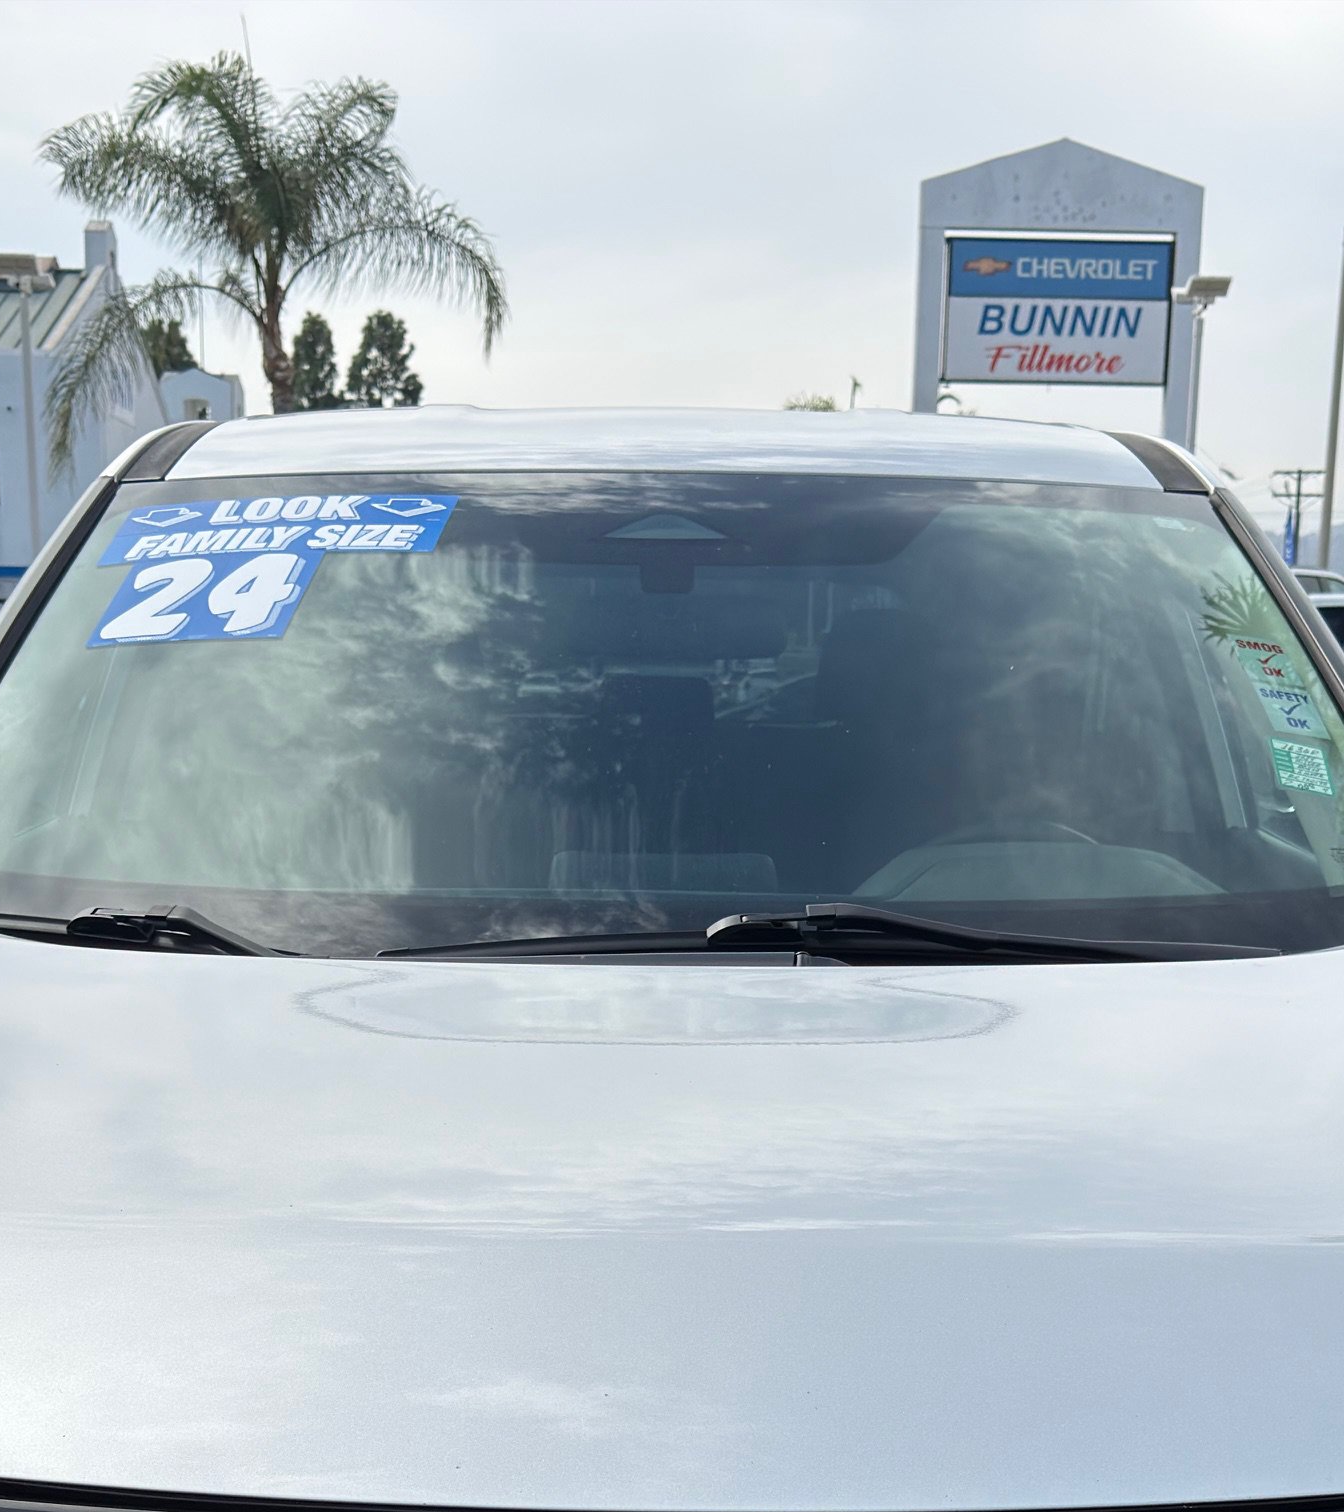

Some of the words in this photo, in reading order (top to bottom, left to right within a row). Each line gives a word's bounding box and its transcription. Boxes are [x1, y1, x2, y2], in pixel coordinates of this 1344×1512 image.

[1016, 257, 1157, 280] CHEVROLET
[977, 304, 1142, 338] BUNNIN
[985, 345, 1124, 374] Fillmore
[209, 495, 370, 525] LOOK
[124, 526, 311, 561] FAMILY
[306, 525, 425, 551] SIZE
[100, 553, 304, 642] 24
[1235, 639, 1283, 655] SMOG
[1262, 666, 1286, 679] OK
[1259, 688, 1309, 704] SAFETY
[1286, 716, 1312, 731] OK
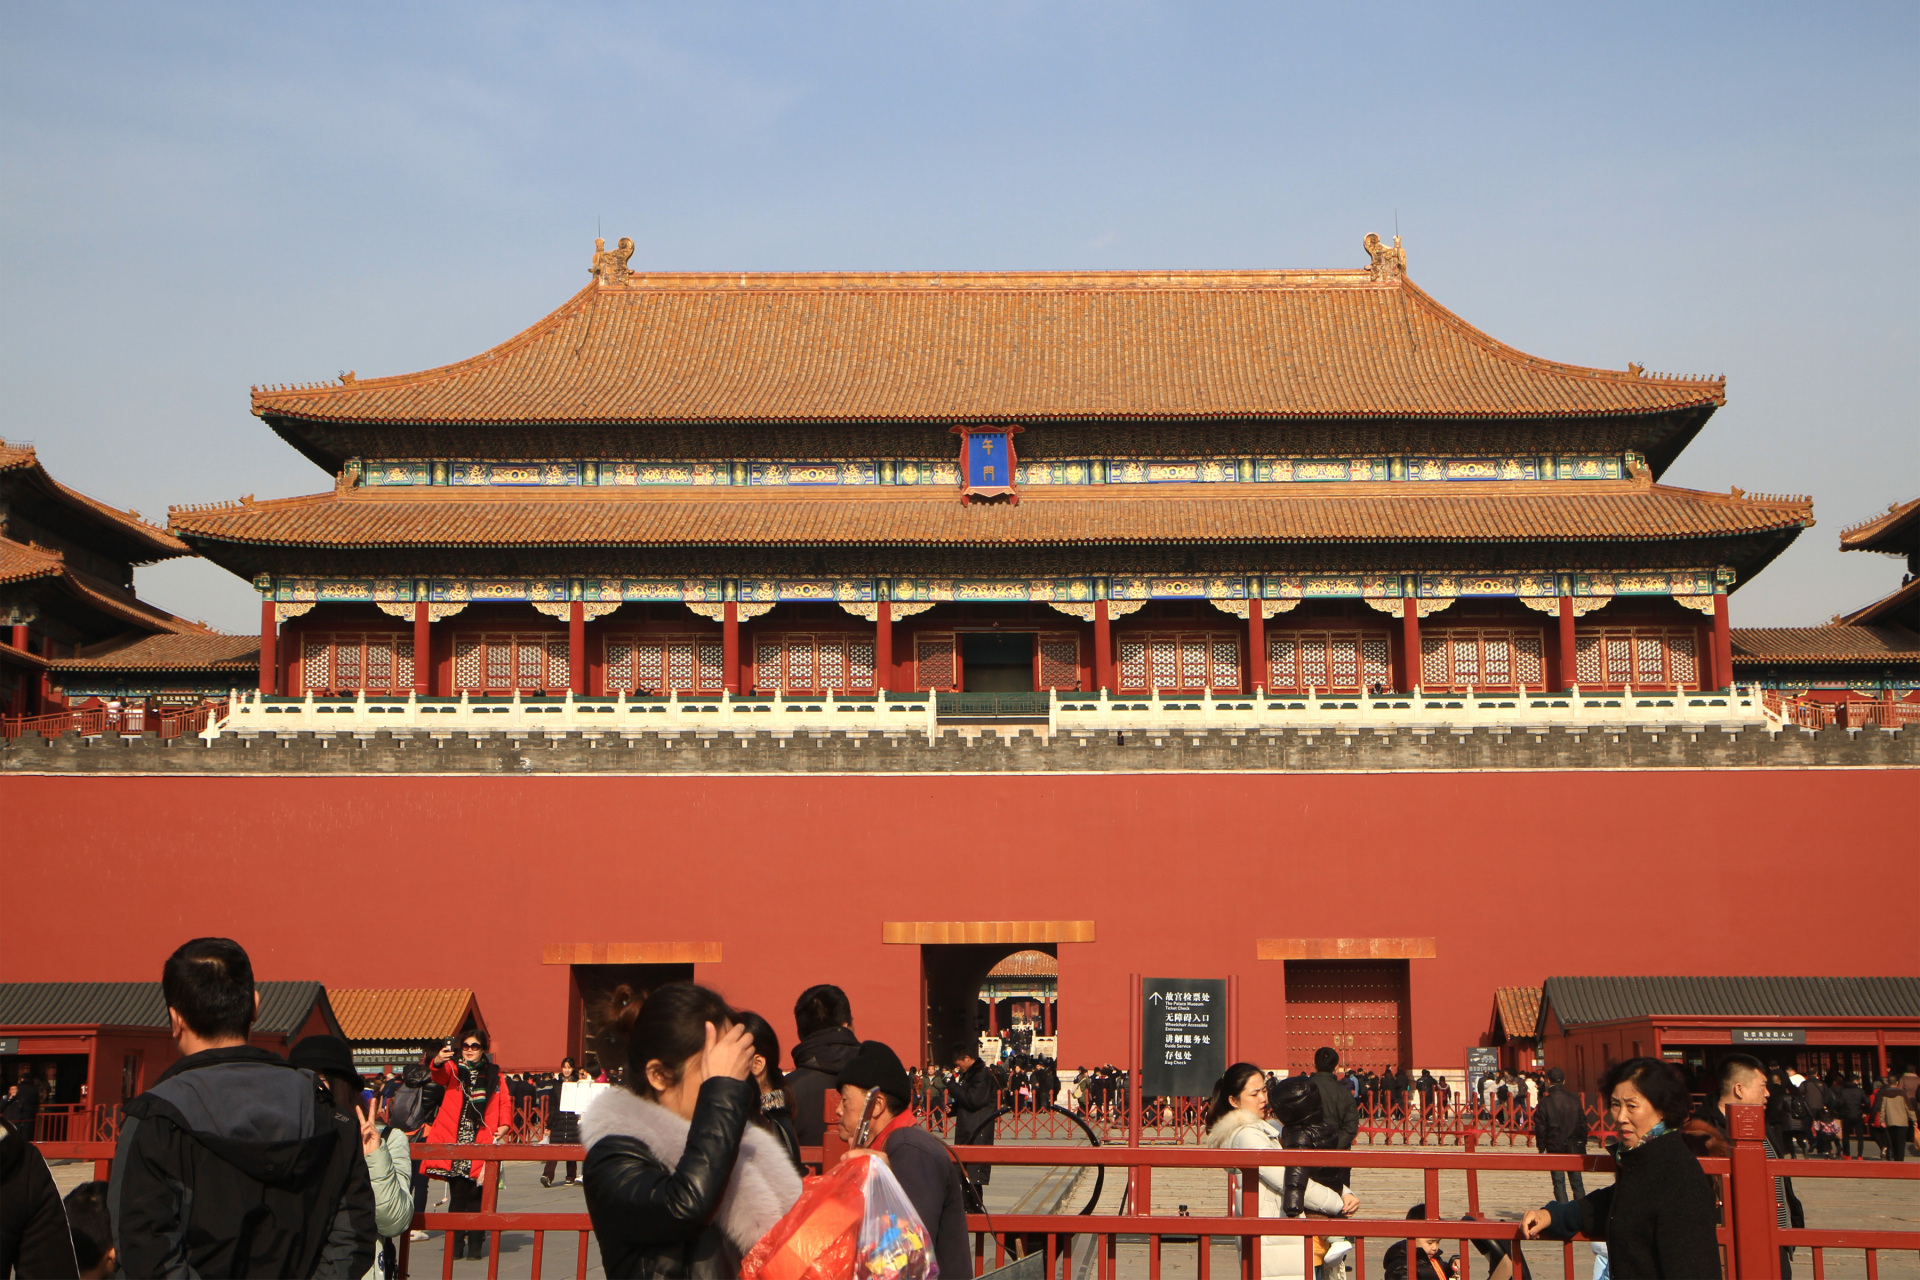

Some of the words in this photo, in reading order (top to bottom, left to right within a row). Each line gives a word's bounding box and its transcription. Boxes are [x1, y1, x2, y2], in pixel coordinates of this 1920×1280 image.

---------------

Each record should be given again exactly, with no picture carried over.

Some of the words in this photo, in reading order (top to bottom, left to right within a row). Each line gives a word's bounding box and its transcription. Boxes are [x1, y1, x2, y2], in pixel coordinates of this 1344×1512 image.

[1016, 257, 1157, 280] CHEVROLET
[977, 304, 1142, 338] BUNNIN
[985, 345, 1124, 374] Fillmore
[209, 495, 370, 525] LOOK
[124, 526, 311, 561] FAMILY
[306, 525, 425, 551] SIZE
[100, 553, 304, 642] 24
[1235, 639, 1283, 655] SMOG
[1262, 666, 1286, 679] OK
[1259, 688, 1309, 704] SAFETY
[1286, 716, 1312, 731] OK

Some of the words in this photo, in reading order (top to bottom, left to right within a row). Each line gives a word's bounding box and its transcription. Boxes are [x1, y1, x2, y2], in pixel coordinates of this 1920×1280 image.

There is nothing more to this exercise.